The approval this Tuesday by the European Parliament of USB-C as a single charger means that all new smartphones that are marketed in member countries must incorporate it regardless of the manufacturer's brand, which means that Apple will also have to adopt it on iPhone.
Since 2012, iPhone phones have integrated their own charging port called Lightning, unlike the rest of the phones of the brands that use Android, which seek to differentiate themselves more by charging technology, increasingly faster, than by the port used, with Wide adoption of USB Type-C in recent years, even at lower and lower ranges.
The obligation to incorporate a USB type C port is expected to become effective at the end of 2024, affecting smartphones regardless of the manufacturer. This means that the new iPhones that arrive on the market by then should have adopted a port of this type that, maintaining the numbering followed until now by Apple, would correspond to the iPhone 16, presented in September of that same year.
However, this regulation still requires the final approval of the Council, and after that, the governments of the European Union will have two years to incorporate these regulations into national laws.
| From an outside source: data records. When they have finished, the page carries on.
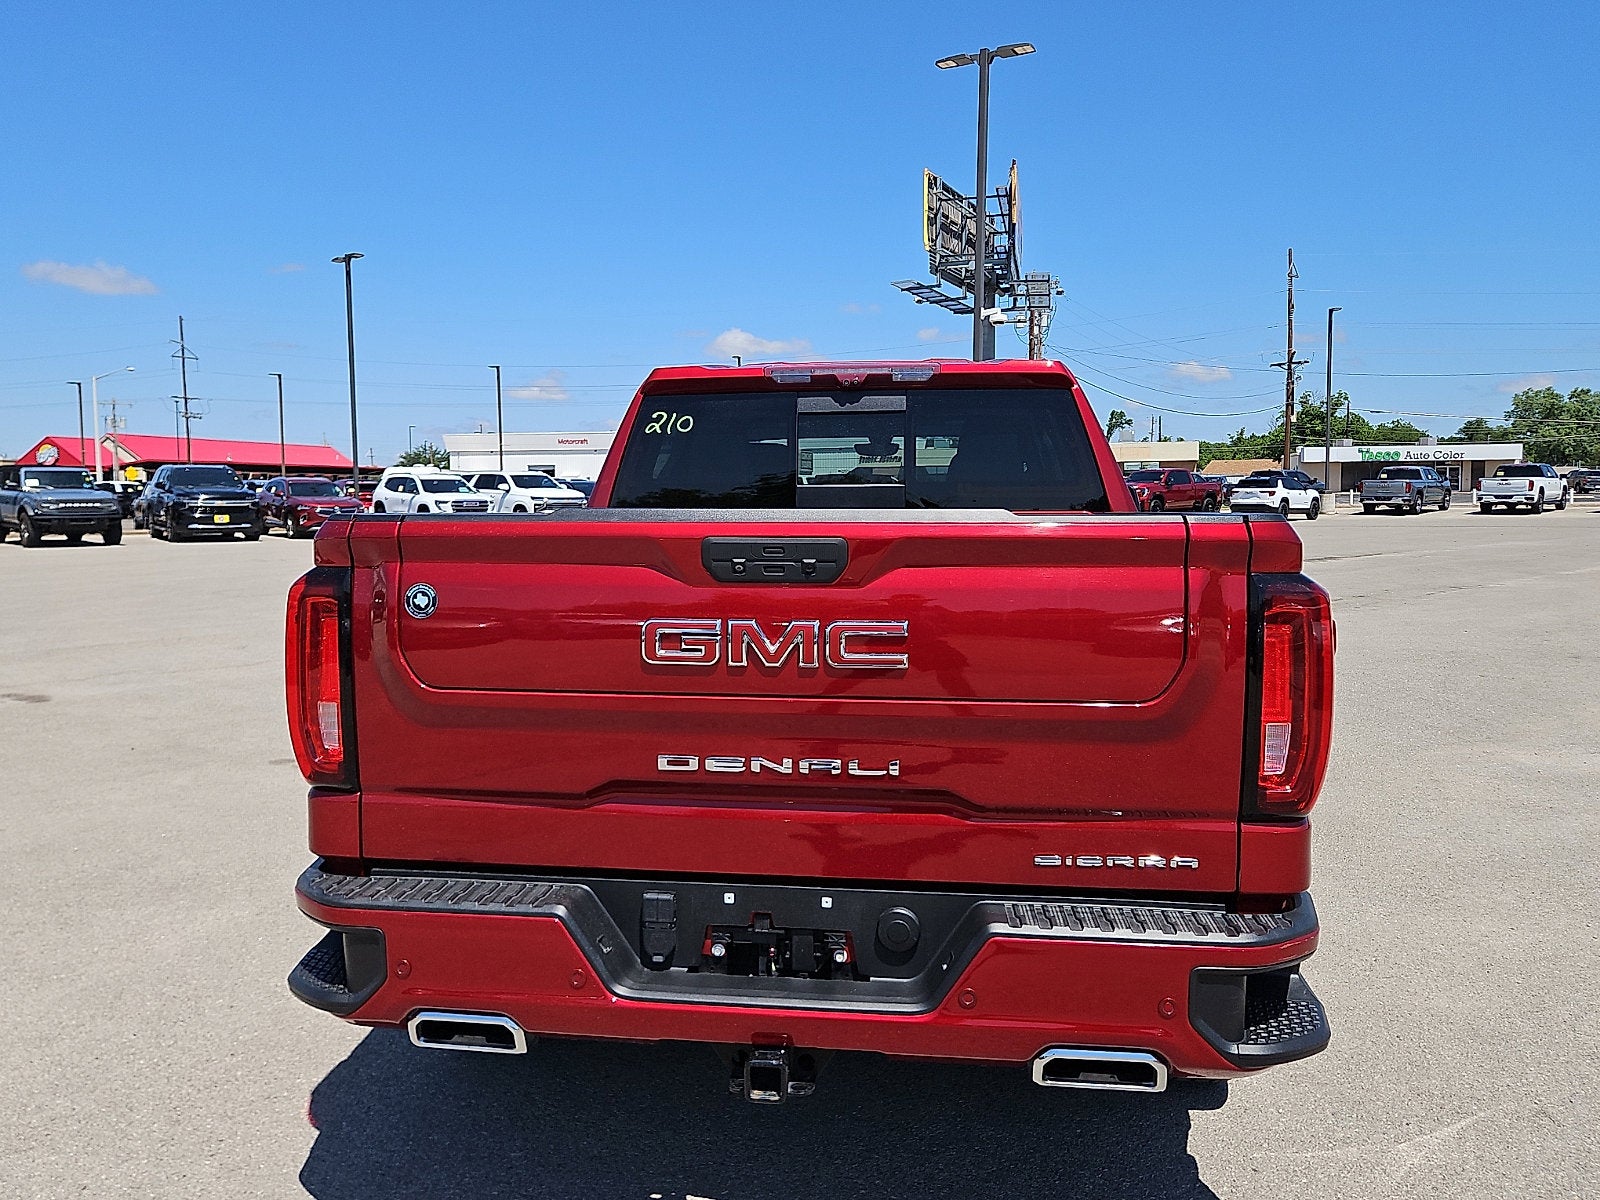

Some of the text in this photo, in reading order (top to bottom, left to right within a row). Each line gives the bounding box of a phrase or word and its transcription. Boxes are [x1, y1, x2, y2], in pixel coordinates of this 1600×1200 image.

[645, 411, 694, 434] 210
[1404, 451, 1430, 460] Auto
[1433, 450, 1465, 460] Color
[641, 618, 909, 669] GMC
[657, 754, 901, 776] DENALI
[1034, 854, 1199, 869] SIERRA
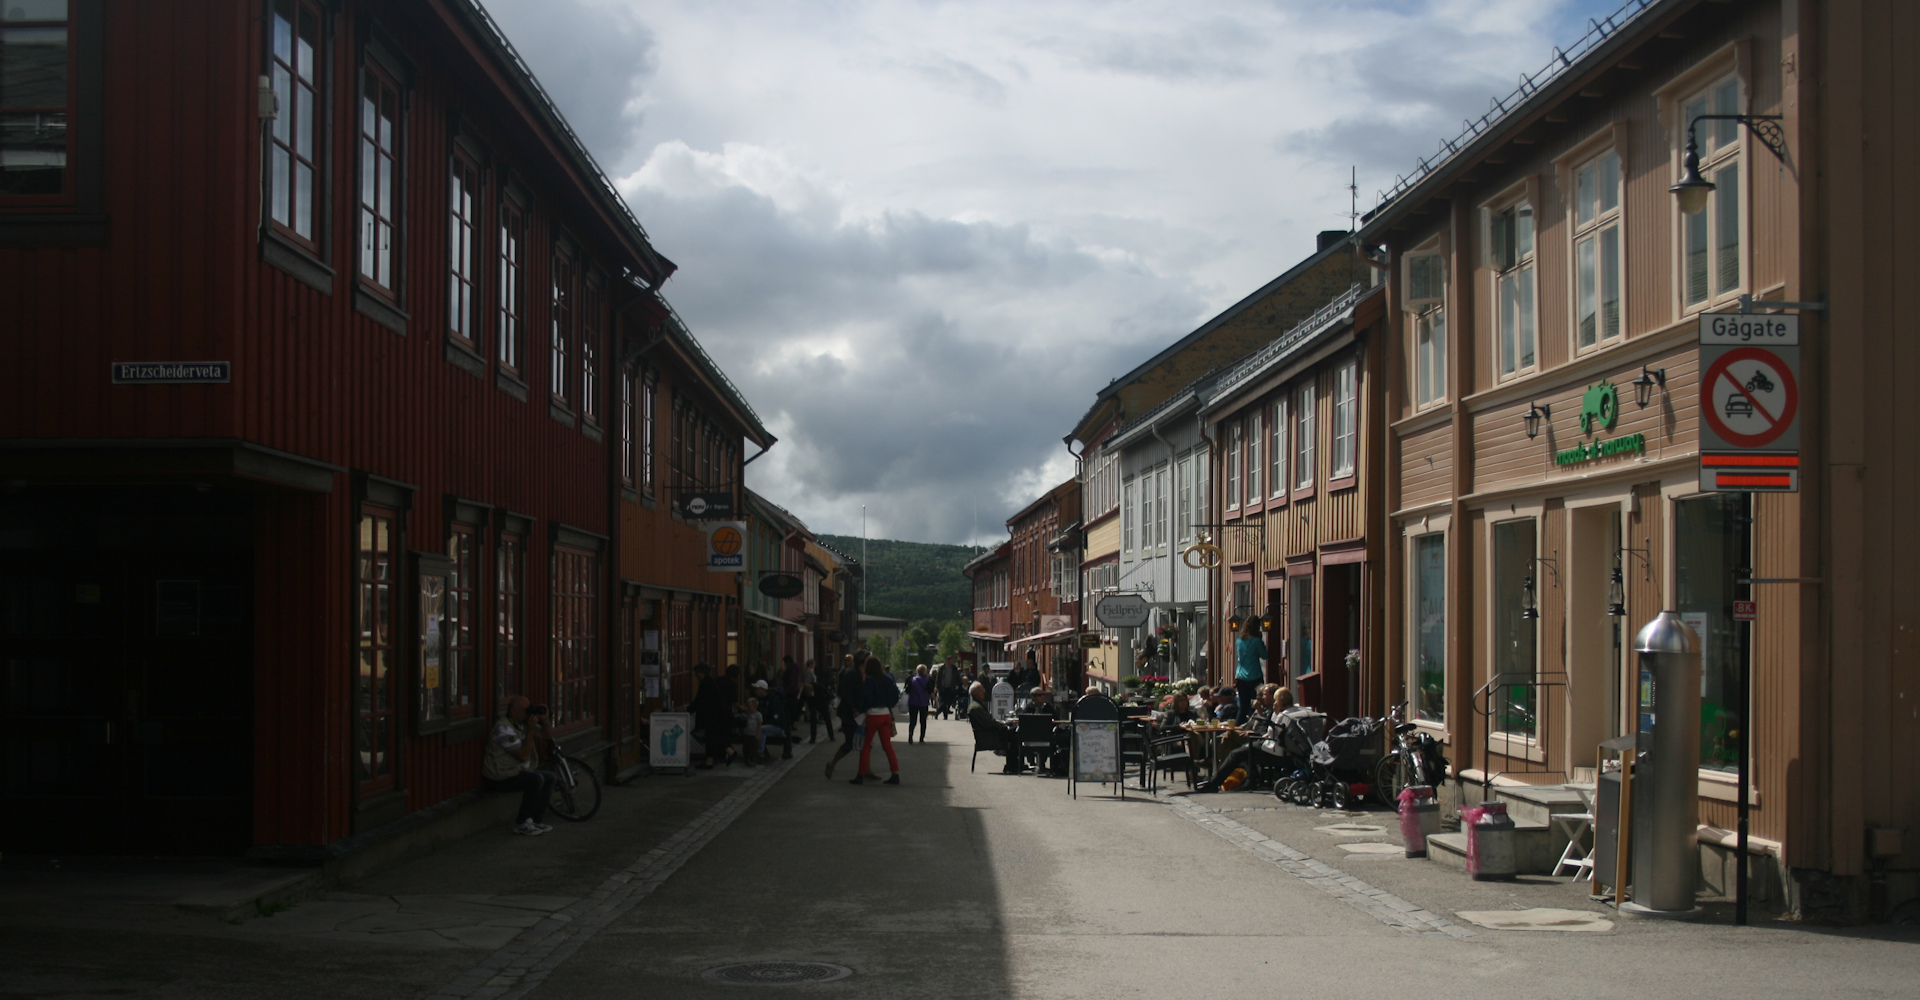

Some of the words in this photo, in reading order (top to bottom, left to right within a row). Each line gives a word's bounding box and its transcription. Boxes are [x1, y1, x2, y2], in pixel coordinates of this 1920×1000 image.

The European Parliament itself indicates in a press release that "it will not apply to products marketed before its entry into force."
Without knowing Apple's plans yet, this means that the iPhone 16 could still arrive with a Lightning port, delaying the change of connector to the next model, iPhone 17, in 2025. But it could happen sooner. The Bloomberg analyst Mark Gurman already anticipated in May that the adoption of the USB type C port would materialize in the iPhone of 2023, a forecast in which the analyst Ming-Chi Kuo has also agreed.